We can thank the Democrat dominated legislature for this and all the recent and future intrusions into everyday life.
More evidence that we are becoming North Massachusetts
- Peter Liberty, Bedford, NH
"Mark Vallone...purchasing a spray that will be applied to some furniture, fabrics and other classroom materials to make them meet fire codes."
Will the spray be cancer causing or allergy activating?
- Sandy, Hollis
There are the firefighters seeking attention once again. This is absolutely ridiculous. I've heard of more fires at firehouses than at schools. Go back to sleep Chief.
- G. Dolan, Meredith
Schools are dangerous. They should be banned.
- Jake, Manchester
Please let your children artists know about ArtShowForKids.com where they can participate in online kids art contests to their hearts content without interference.
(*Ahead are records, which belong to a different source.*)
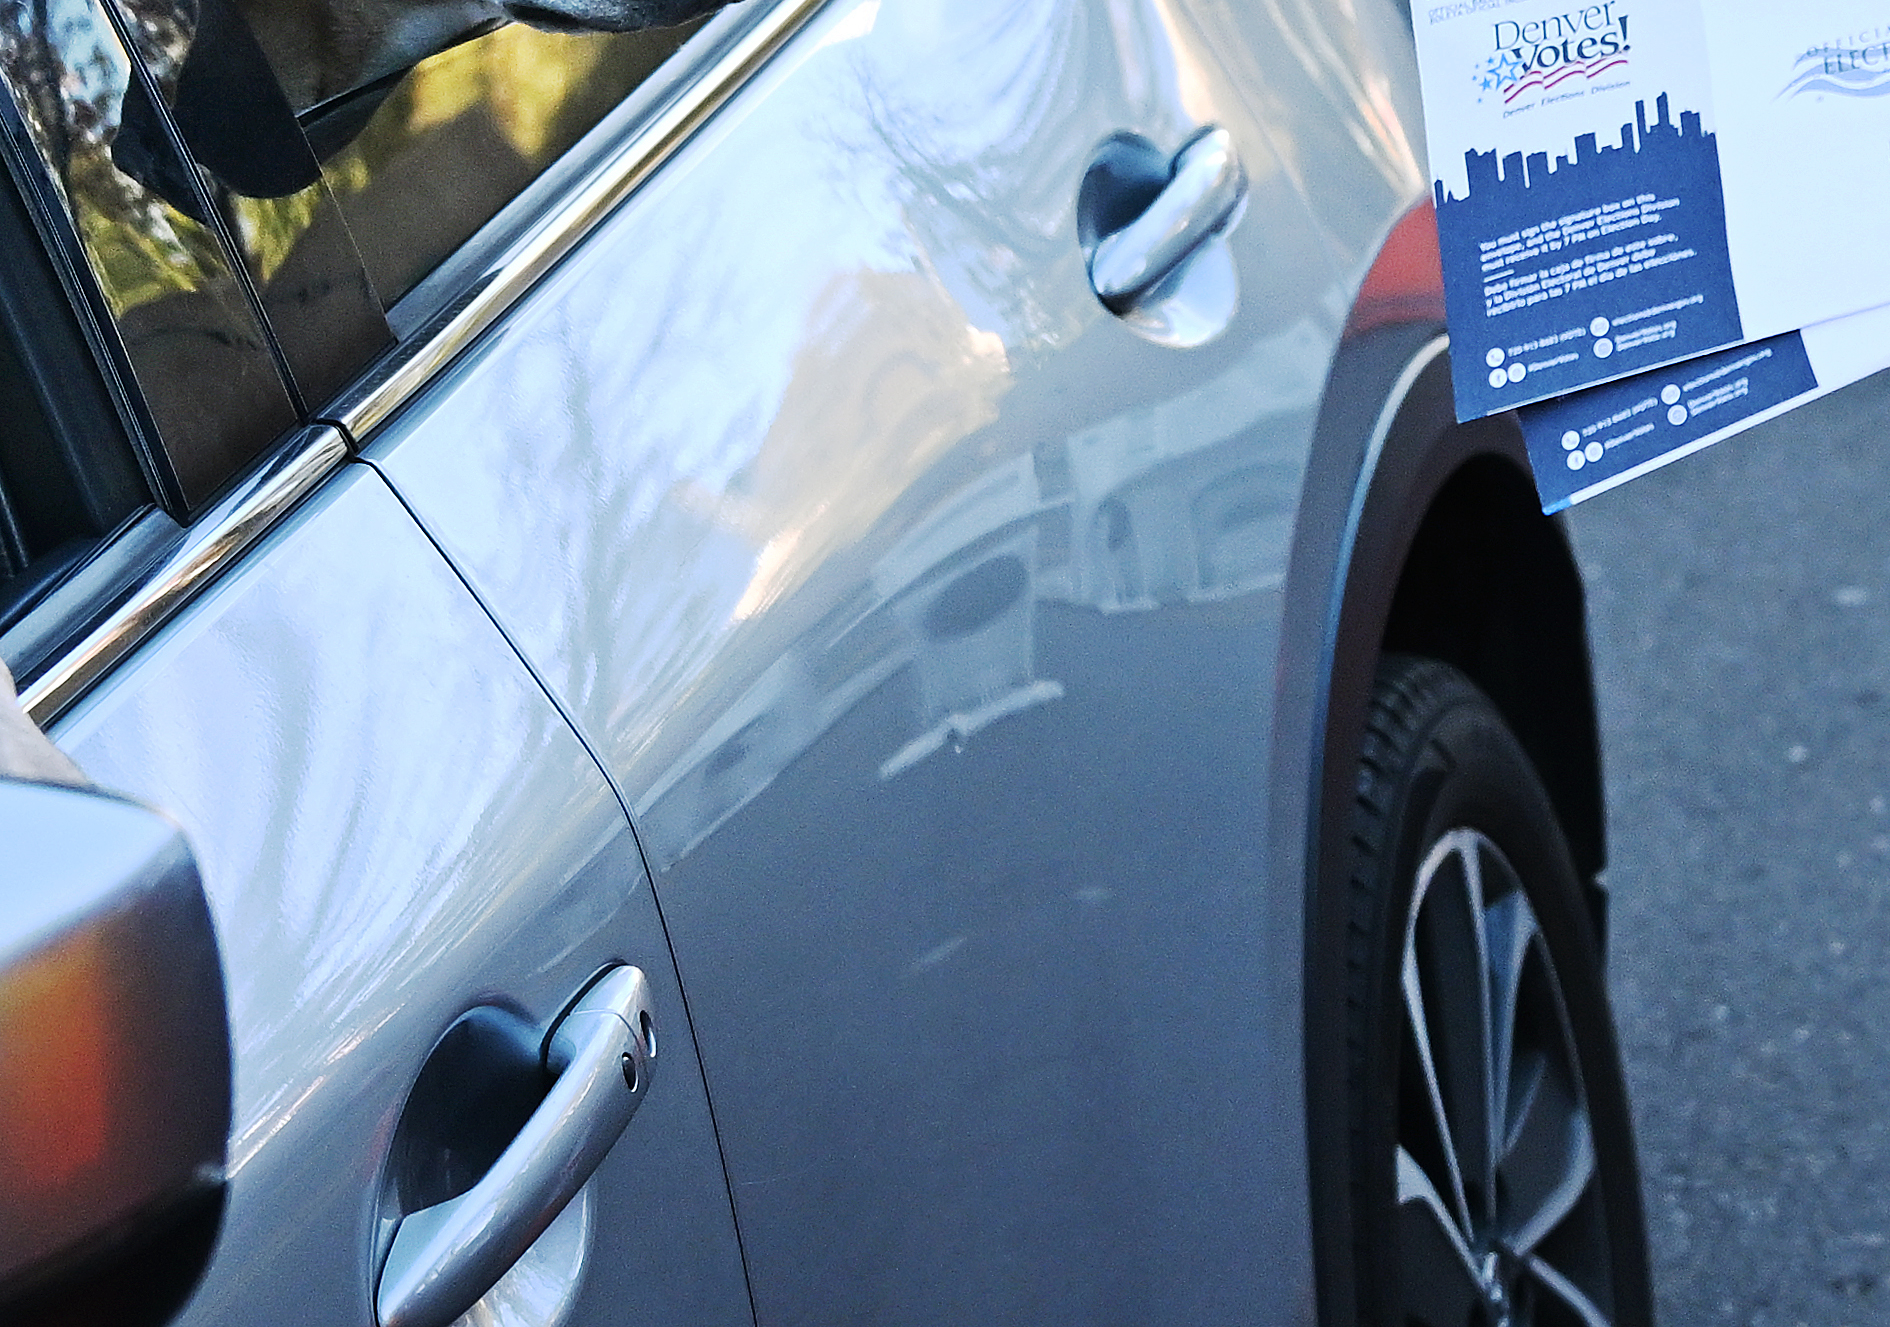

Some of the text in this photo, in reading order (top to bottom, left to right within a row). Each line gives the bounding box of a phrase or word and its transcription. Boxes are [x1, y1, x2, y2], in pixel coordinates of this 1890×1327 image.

[1428, 1, 1471, 17] OFFICIAL
[1493, 0, 1616, 51] Denver
[1511, 15, 1631, 73] Votes!
[1503, 103, 1535, 119] Denver
[1591, 81, 1631, 95] Division
- Marc Bragg, West Chester, PA
Well, I guess I should tear down my house and rebuild it out of concrete & bricks - can't have all that wood sitting there in case of a fire.
- Eric, New Boston
I would like to see the statistics on this before I believe this is a problem even .000000001% of the time. How many elementary schools in the US have had fires either due to children's art or exacerbated by childrens art? Art has hung in classrooms since schools have used paper. Code schmode!
- Brenda, Manchester
I love reading all the negative comments on these types of stories (not being sarcastic). It shows just how out-of-touch Concord is with what the people of this state want/need/feel.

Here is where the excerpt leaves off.